[Source information]
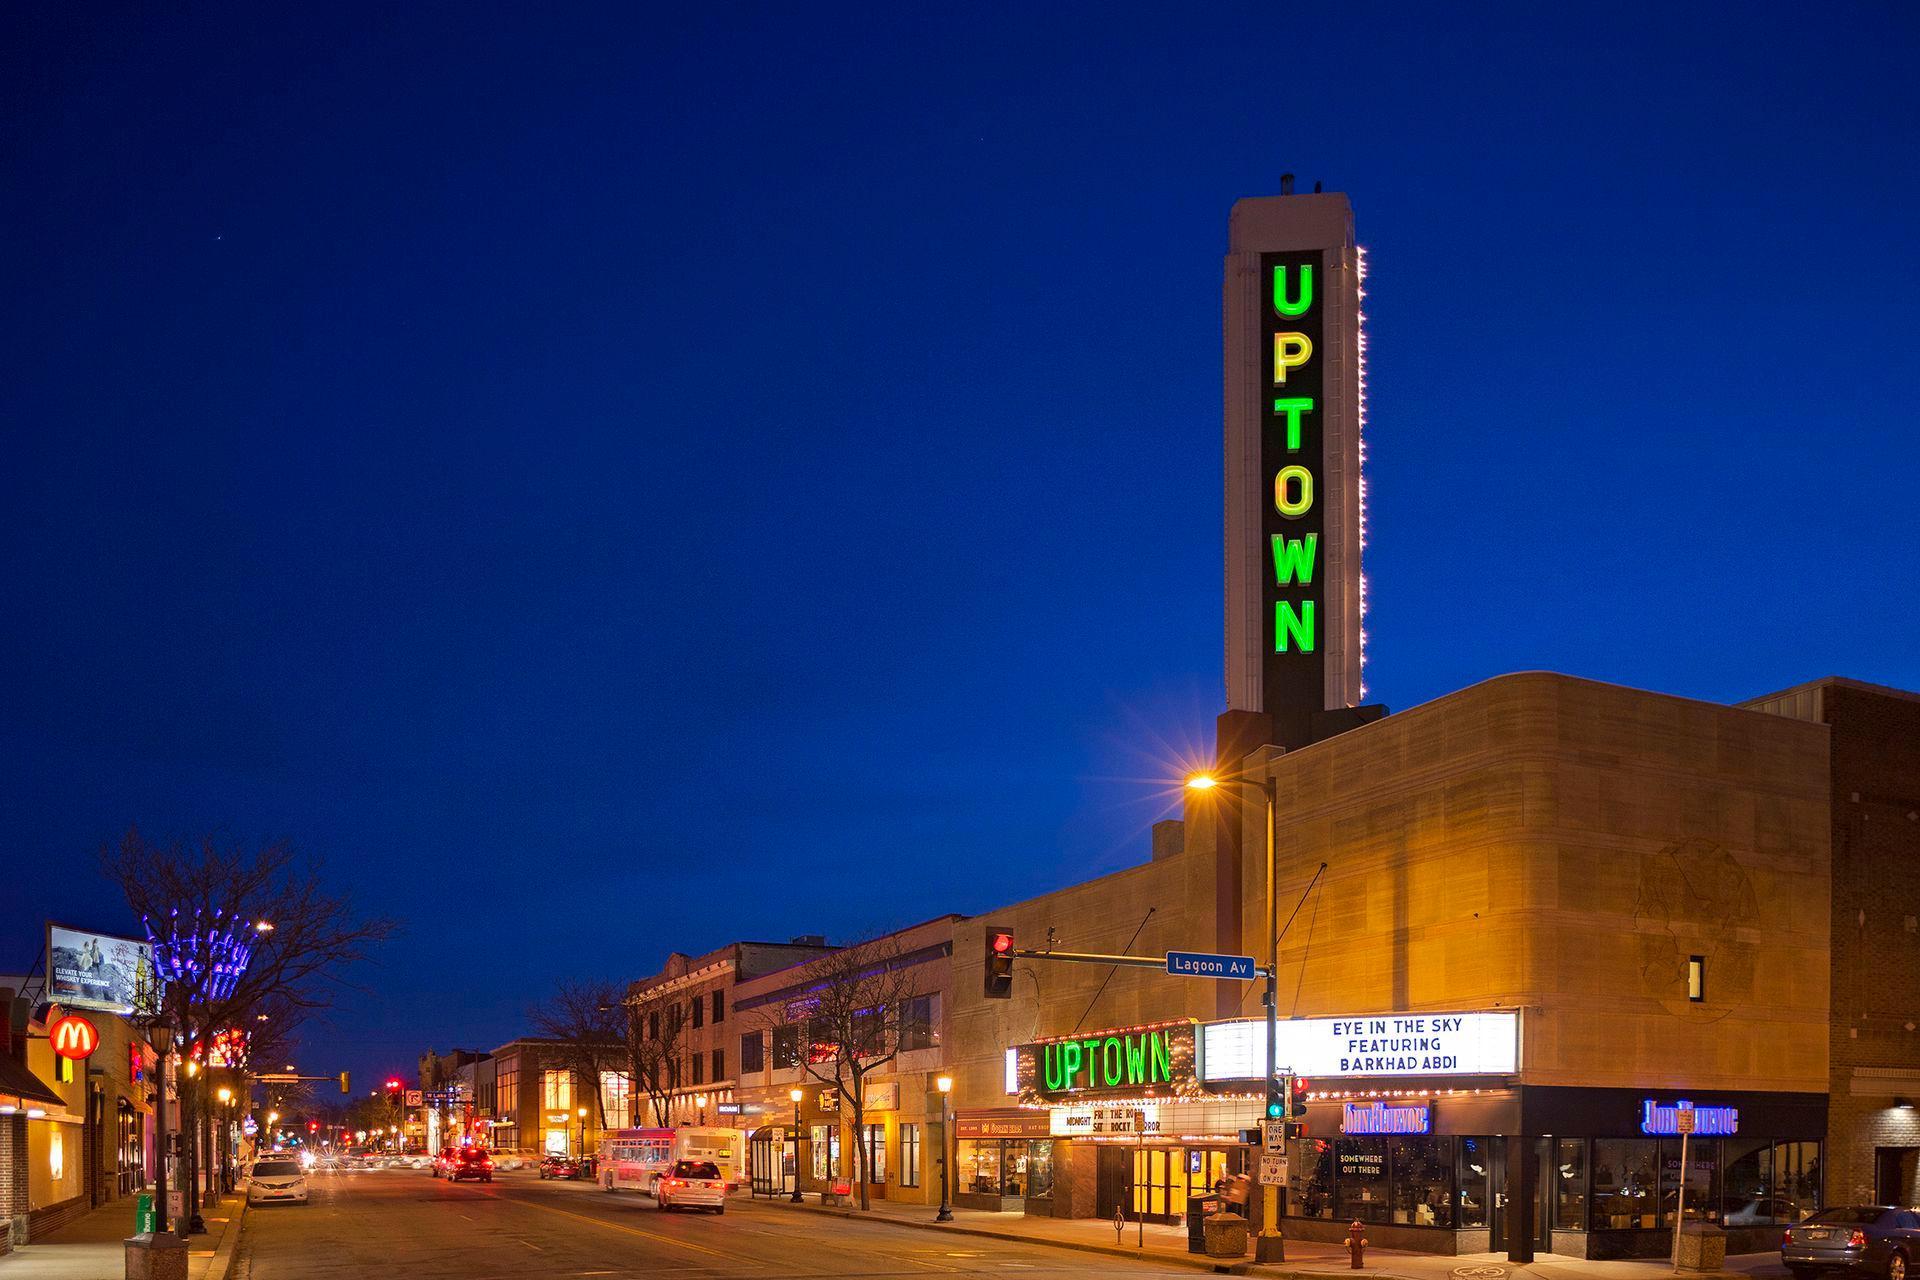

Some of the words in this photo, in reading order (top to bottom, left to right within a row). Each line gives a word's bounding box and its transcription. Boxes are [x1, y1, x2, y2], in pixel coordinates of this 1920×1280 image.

[1271, 264, 1319, 656] UPTOWN
[1175, 957, 1223, 974] Lagoon
[1230, 961, 1247, 974] Av
[55, 967, 78, 976] ELEVATE
[79, 970, 93, 979] YOUR
[55, 974, 81, 984] WHISKEY
[1333, 1021, 1363, 1036] EYE
[1369, 1020, 1386, 1034] IN
[1393, 1019, 1425, 1034] THE
[1431, 1018, 1462, 1032] SKY
[1348, 1037, 1441, 1053] FEATURING
[1045, 1030, 1170, 1090] UPTOWN
[1340, 1056, 1418, 1071] BARKHAD
[1422, 1055, 1457, 1069] ABDI
[1094, 1110, 1103, 1120] FRI
[1110, 1109, 1123, 1119] THE
[1126, 1107, 1143, 1119] RO
[1111, 1121, 1130, 1132] ROCKY
[1269, 1126, 1282, 1134] ONE
[1269, 1134, 1283, 1142] WAY
[1340, 1155, 1383, 1163] SOMEWHERE
[1342, 1166, 1357, 1174] OUT
[1358, 1166, 1380, 1174] THERE
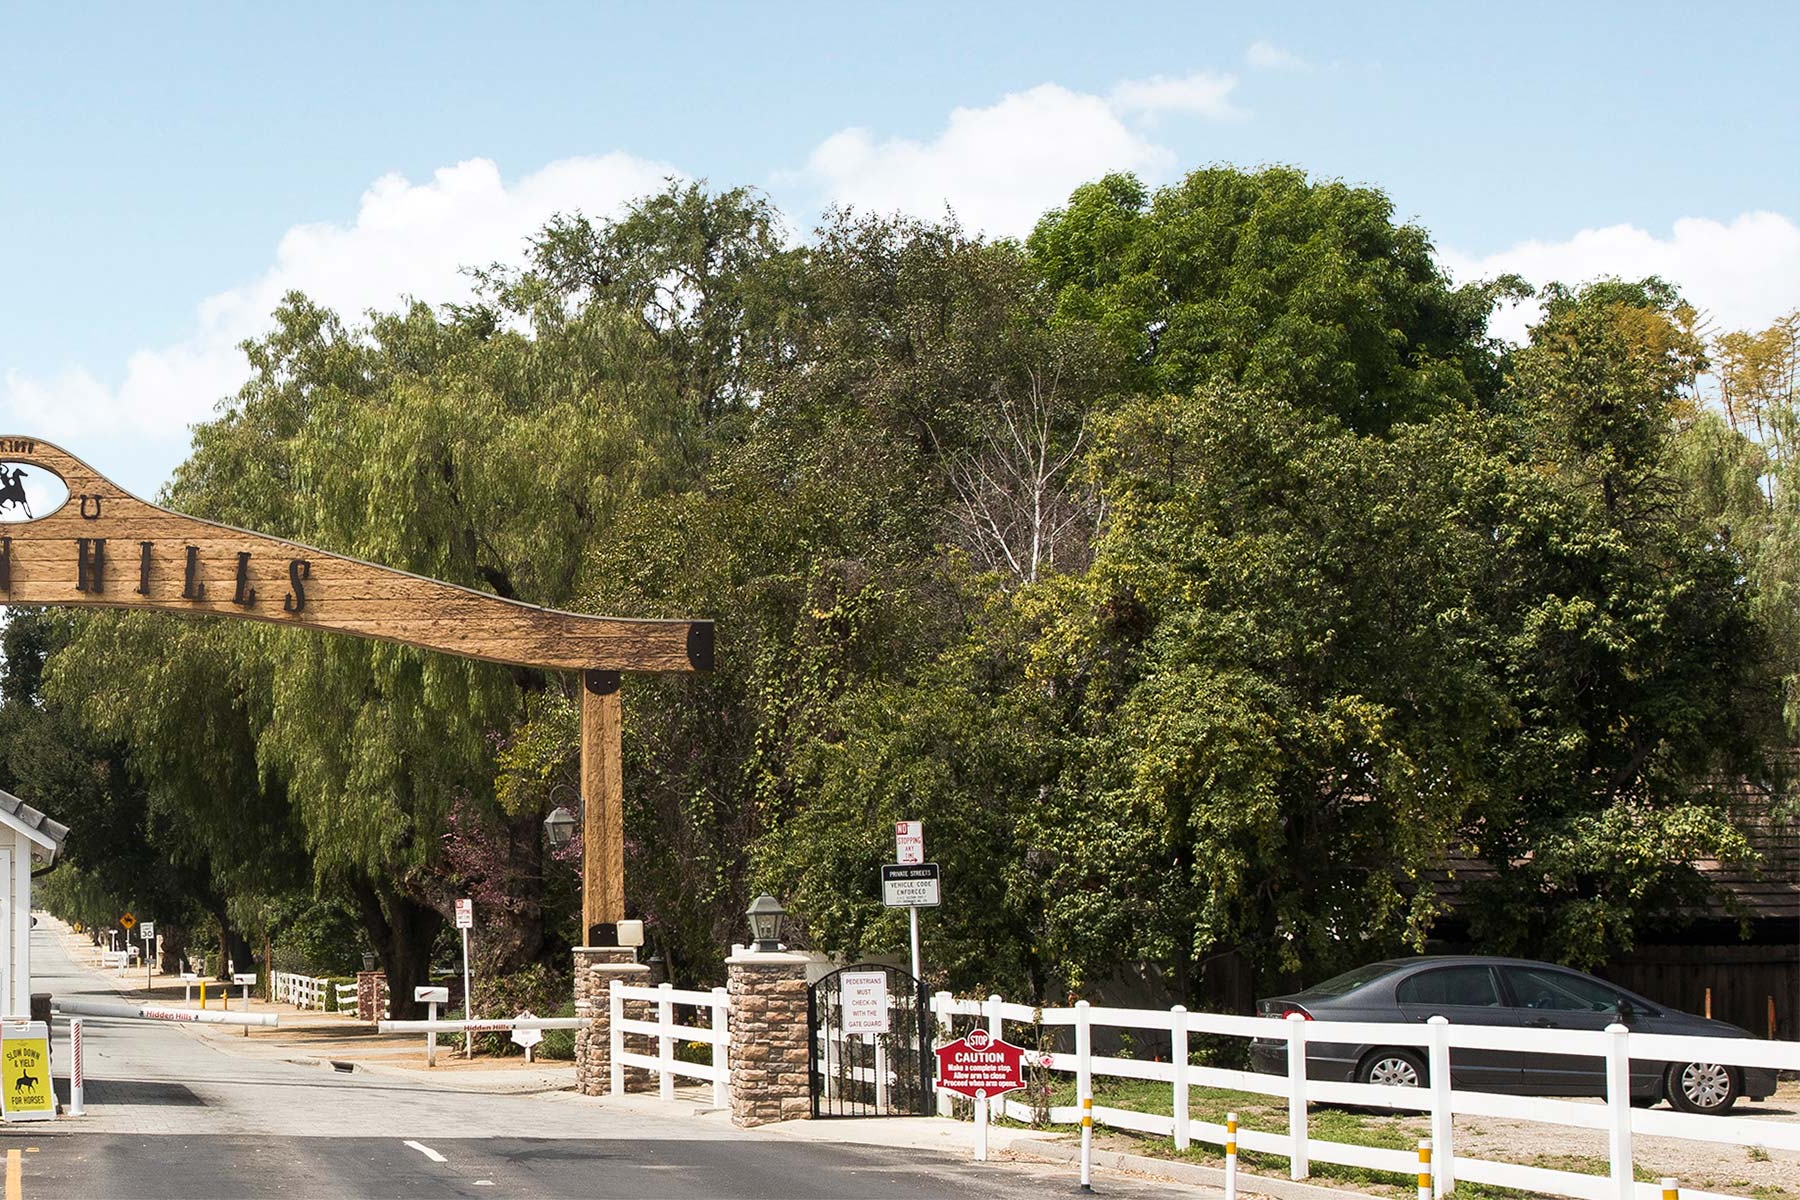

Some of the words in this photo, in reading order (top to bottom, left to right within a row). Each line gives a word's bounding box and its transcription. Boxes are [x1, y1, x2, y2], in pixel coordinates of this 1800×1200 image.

[75, 537, 311, 613] HILLS
[897, 824, 907, 834] NO
[897, 837, 921, 845] STOPPING
[910, 869, 931, 877] STREETS
[142, 930, 152, 938] 30
[146, 1010, 174, 1020] Hidden
[175, 1013, 192, 1021] Hills
[970, 1035, 988, 1046] STOP
[6, 1048, 22, 1061] SLOW
[23, 1048, 41, 1060] DOWN
[955, 1052, 1005, 1063] CAUTION
[20, 1059, 35, 1068] YIELD
[969, 1064, 997, 1072] complete
[997, 1064, 1012, 1072] stop.
[943, 1079, 968, 1087] Proceed
[11, 1096, 23, 1105] FOR
[24, 1096, 45, 1104] HORSES
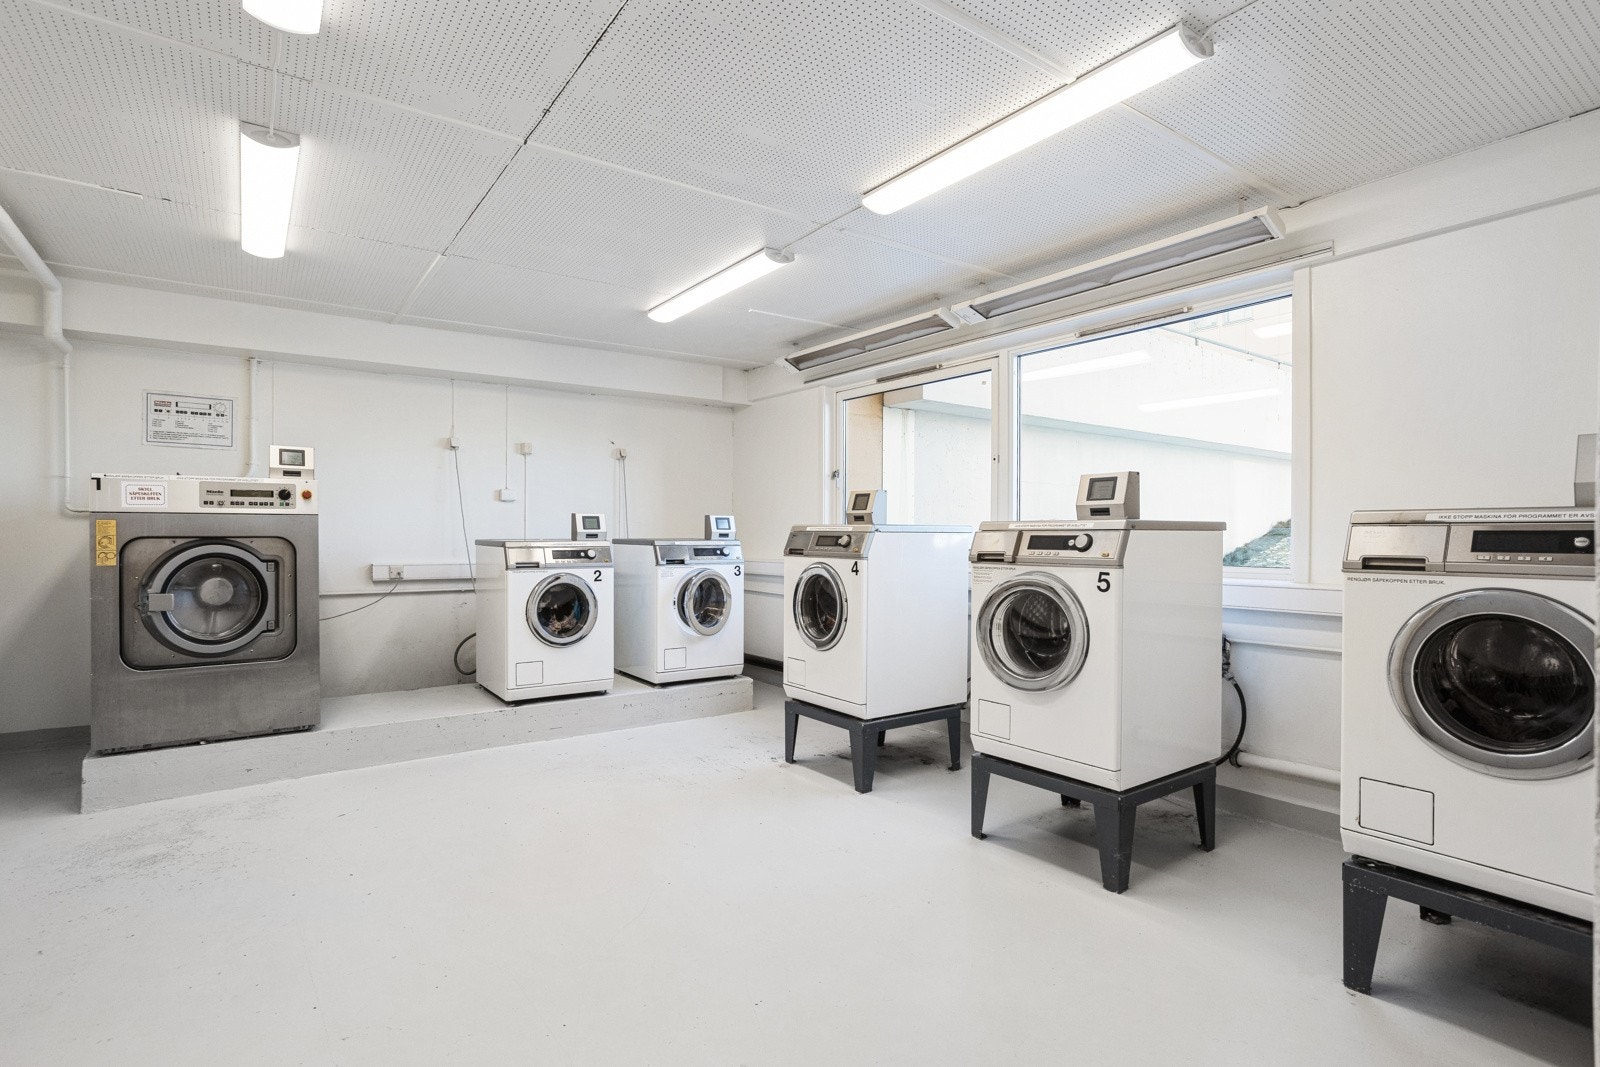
[/Source information]
Task brief → What you return must match, line for line, the records from the line containing "this 1800×1200 image." through their end, with both ends included and no pictures.

Task response →
Some of the words in this photo, in reading order (top to bottom, left to right within a row). Each line gives a word's bounding box and its transcription. Boxes are [x1, y1, x2, y2], in pixel coordinates of this 1800×1200 image.

[75, 537, 311, 613] HILLS
[897, 824, 907, 834] NO
[897, 837, 921, 845] STOPPING
[910, 869, 931, 877] STREETS
[142, 930, 152, 938] 30
[146, 1010, 174, 1020] Hidden
[175, 1013, 192, 1021] Hills
[970, 1035, 988, 1046] STOP
[6, 1048, 22, 1061] SLOW
[23, 1048, 41, 1060] DOWN
[955, 1052, 1005, 1063] CAUTION
[20, 1059, 35, 1068] YIELD
[969, 1064, 997, 1072] complete
[997, 1064, 1012, 1072] stop.
[943, 1079, 968, 1087] Proceed
[11, 1096, 23, 1105] FOR
[24, 1096, 45, 1104] HORSES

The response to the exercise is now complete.